No local after-treatment is required, and spraying or syringing may prove harmful. The patient should remain in the house for five or six days. If nasal obstruction has been the outstanding symptom, respiratory exercises through the nose should be carried out for some considerable time; on the other hand, if Eustachian obstruction and deafness have been the main features of the case, a course of Politzer inflation should be conducted after the wound has healed.
#Tumours of the Naso-Pharynx.#--Tumours are occasionally met with growing from the muco-periosteum of the basi-sphenoid and basi-occipital, and projecting from the vault of the naso-pharynx--_naso-pharyngeal tumour_ or retro-pharyngeal polypus. This usually occurs between the ages of fifteen and twenty, and while it may originally be a fibroma, it tends to assume the characters of a fibro-sarcoma and to exhibit malignant tendencies. At first the tumour is firm, rounded, and of slow growth, but later it becomes softer, more vascular, and grows more rapidly, spreading forwards towards the nasal cavity and downwards towards the pharynx.
_Clinical Features._--In its growth the tumour blocks the nostrils, and so interferes with nasal respiration and causes the patient to snore loudly, especially during sleep. It may also bulge the soft palate towards the mouth and interfere with deglutition. In some cases the face becomes flattened and expanded and the eyes are pushed outwards, giving rise to the deformity known as _frog-face_. Deafness may result from obstruction of the Eustachian tube. The patient suffers from intense frontal headache, and there is a persistent and offensive mucous discharge from the nose. Profuse recurrent bleeding from the nose is a common symptom, and the patient becomes profoundly anaemic. The tumour can usually be seen on examination with the nasal speculum or by posterior rhinoscopy, and its size and limits may be recognised by digital examination.
Unless removed by operation these tumours prove fatal from haemorrhage, interference with respiration, or by perforating the base of the skull and giving rise to intra-cranial complications.
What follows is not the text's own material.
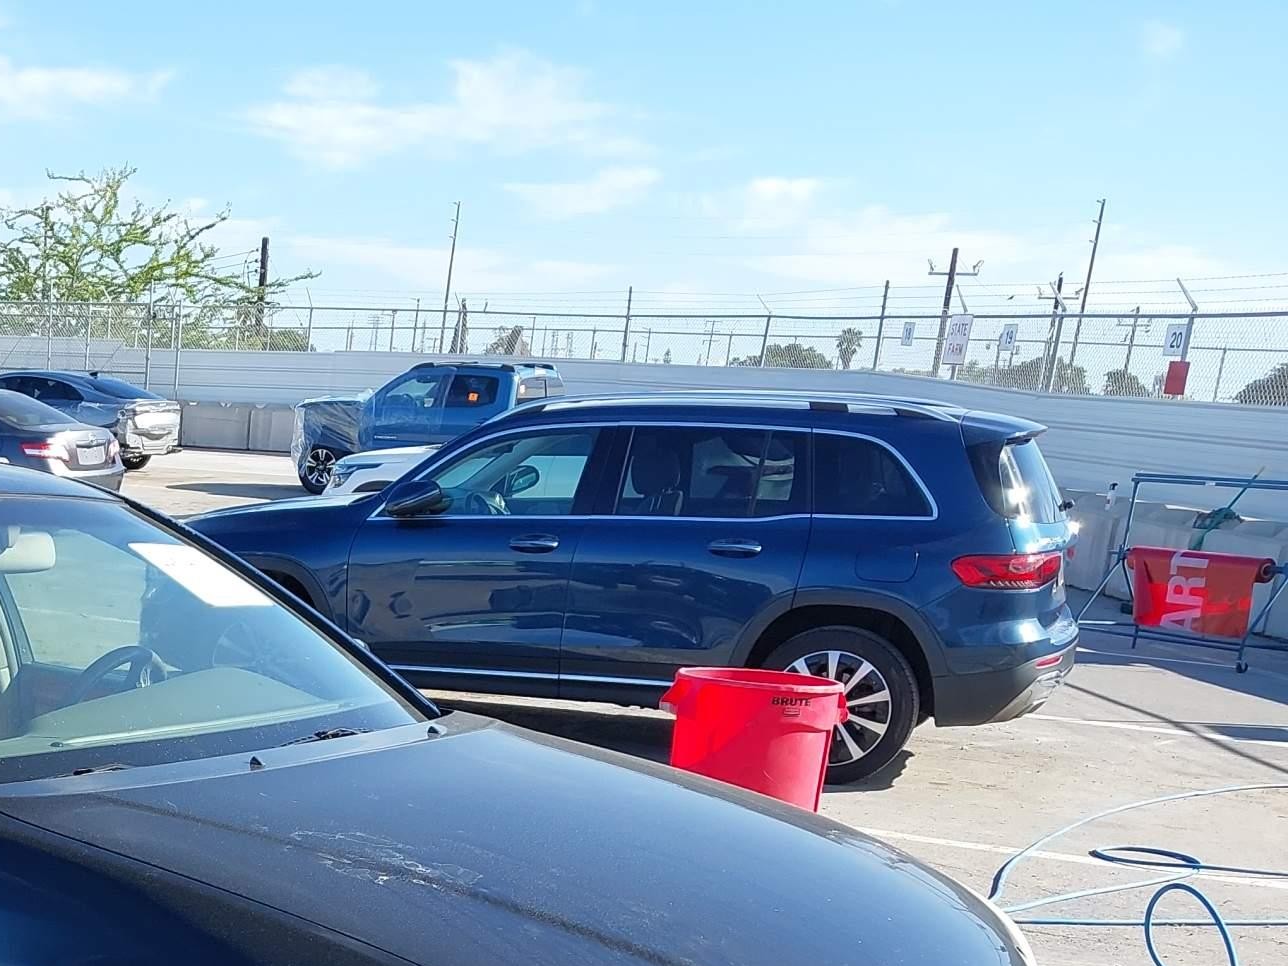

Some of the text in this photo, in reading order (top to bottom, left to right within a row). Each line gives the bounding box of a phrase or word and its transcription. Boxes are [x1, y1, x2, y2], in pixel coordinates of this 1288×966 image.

[951, 323, 969, 337] STATE
[1004, 330, 1014, 345] 19
[1169, 331, 1183, 349] 20
[772, 697, 811, 707] BRUTE
_Treatment._--These growths are seldom recognised before they have attained considerable dimensions, and owing to the fact that they are permeated by numerous large, thin-walled venous sinuses, their removal is attended with formidable haemorrhage. Attempts to remove them by the galvanic snare are seldom satisfactory, because the base of the tumour is left behind and recurrence is liable to take place. The operative treatment is described in _Operative Surgery_, p. 153.